- **How to complete this task**: Repeat every line of the data exactly, but not the pictures.

* * *

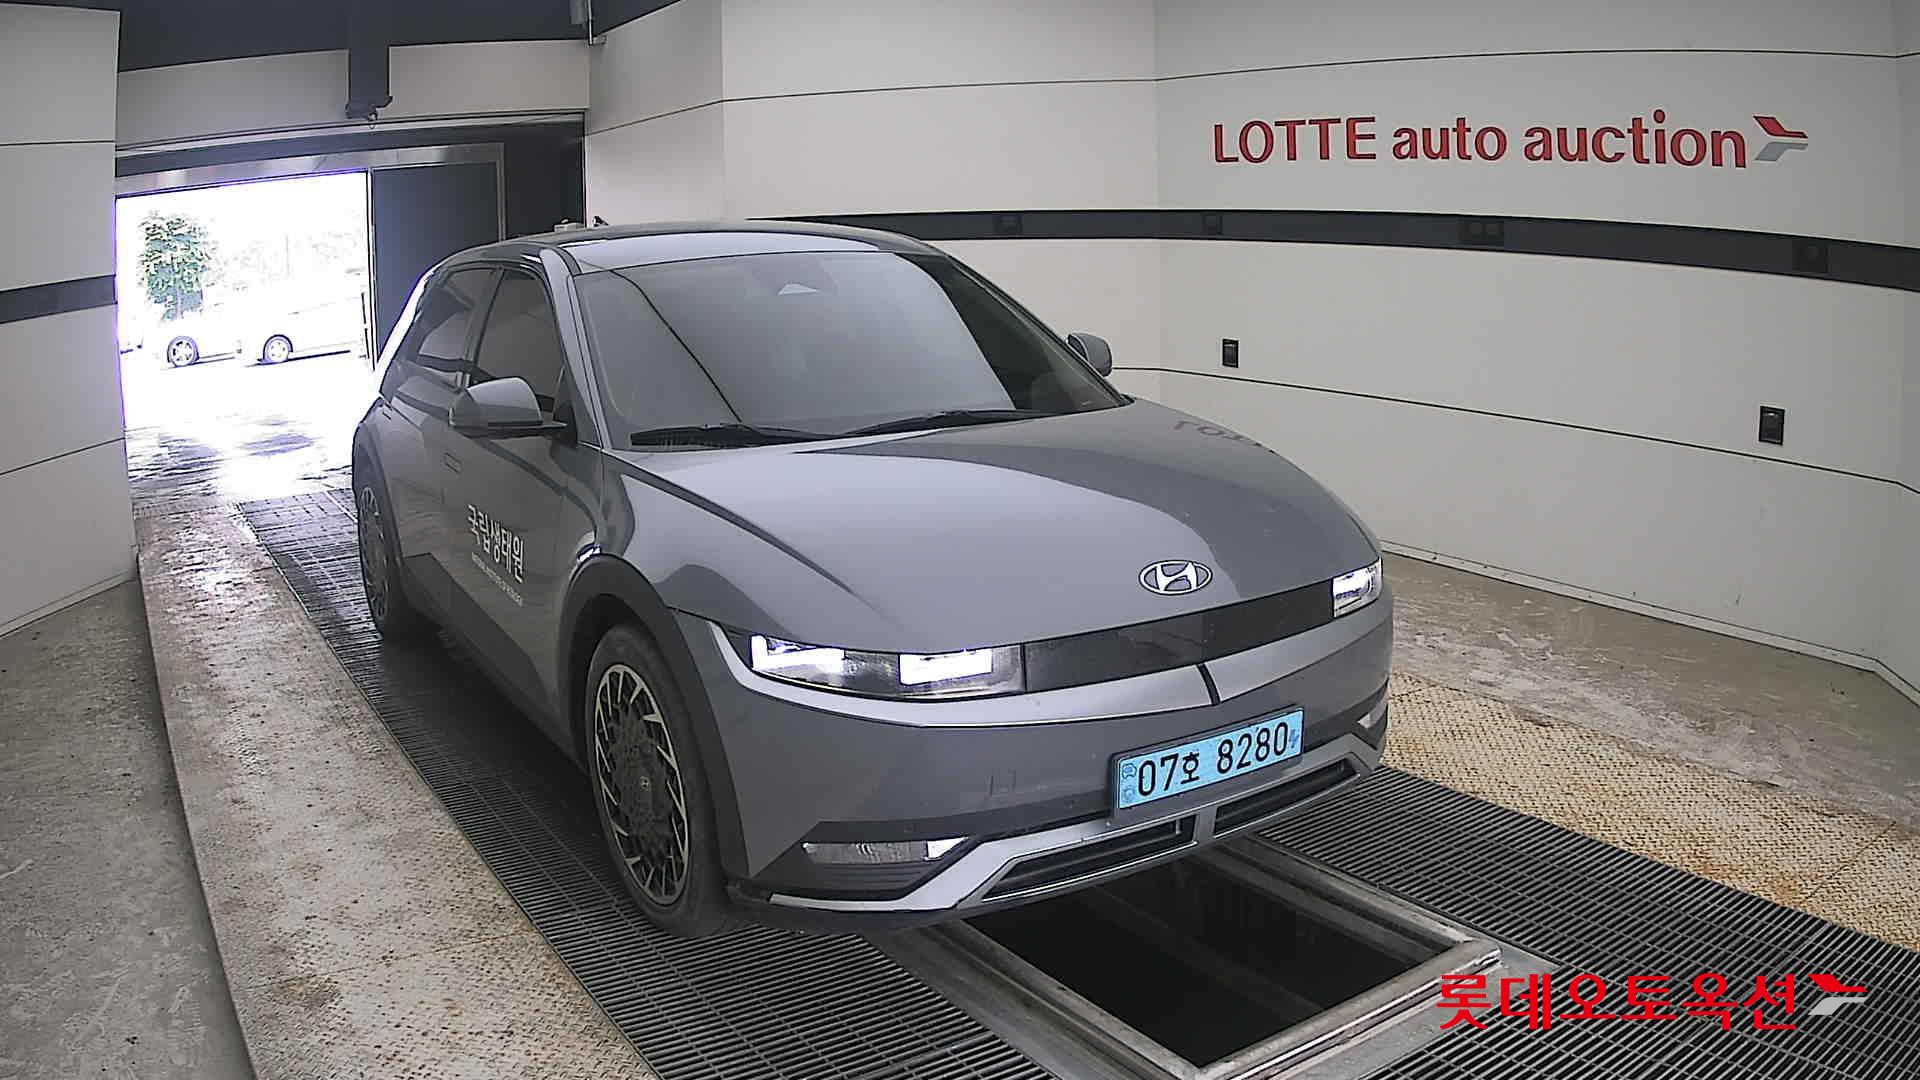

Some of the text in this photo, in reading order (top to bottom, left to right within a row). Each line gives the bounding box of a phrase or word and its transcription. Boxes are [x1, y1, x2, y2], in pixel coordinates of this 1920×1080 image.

[1213, 108, 1747, 169] LOTTE auto auction
[467, 504, 524, 584] 국립생태원
[1137, 721, 1289, 796] 07호 8280
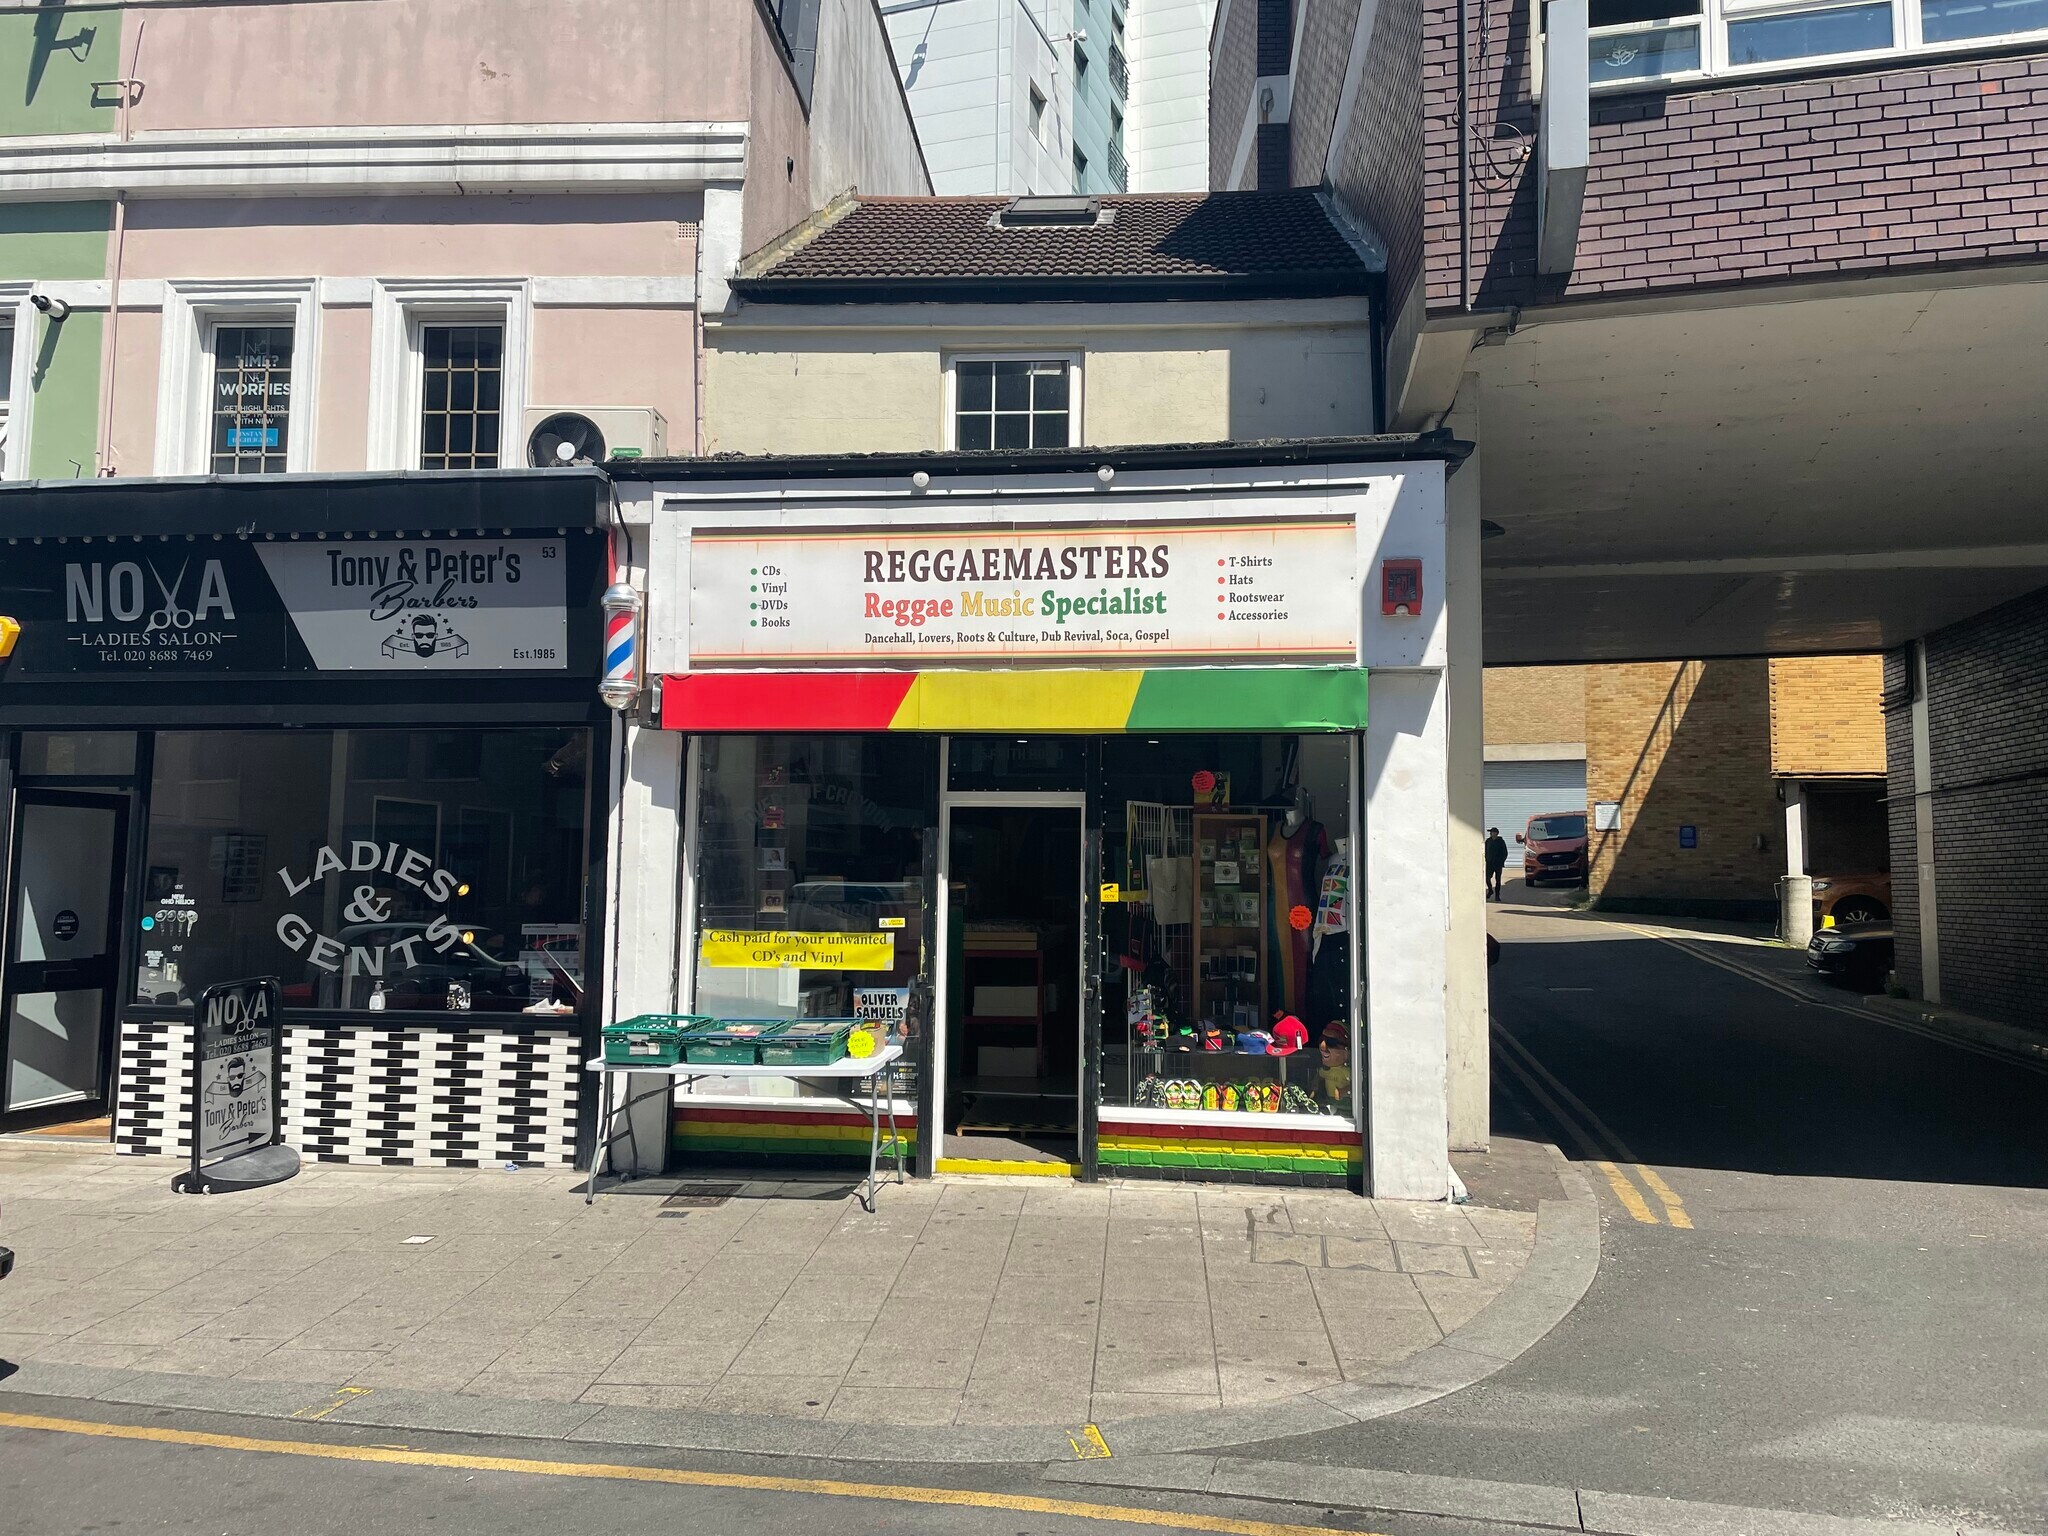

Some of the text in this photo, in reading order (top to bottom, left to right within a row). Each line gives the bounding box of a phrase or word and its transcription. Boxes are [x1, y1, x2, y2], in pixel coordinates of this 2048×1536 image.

* * *

- **Answer for this exercise**:
Some of the text in this photo, in reading order (top to bottom, left to right within a row). Each line gives the bounding box of a phrase or word and its transcription. Boxes are [x1, y1, x2, y2], in pixel coordinates of this 1920×1080 image.

[1213, 108, 1747, 169] LOTTE auto auction
[467, 504, 524, 584] 국립생태원
[1137, 721, 1289, 796] 07호 8280

Some of the text in this photo, in reading order (top to bottom, left to right within a row). Each line gives the bounding box of a phrase or word and its transcription. Boxes are [x1, y1, x2, y2], in pixel coordinates of this 2048×1536 image.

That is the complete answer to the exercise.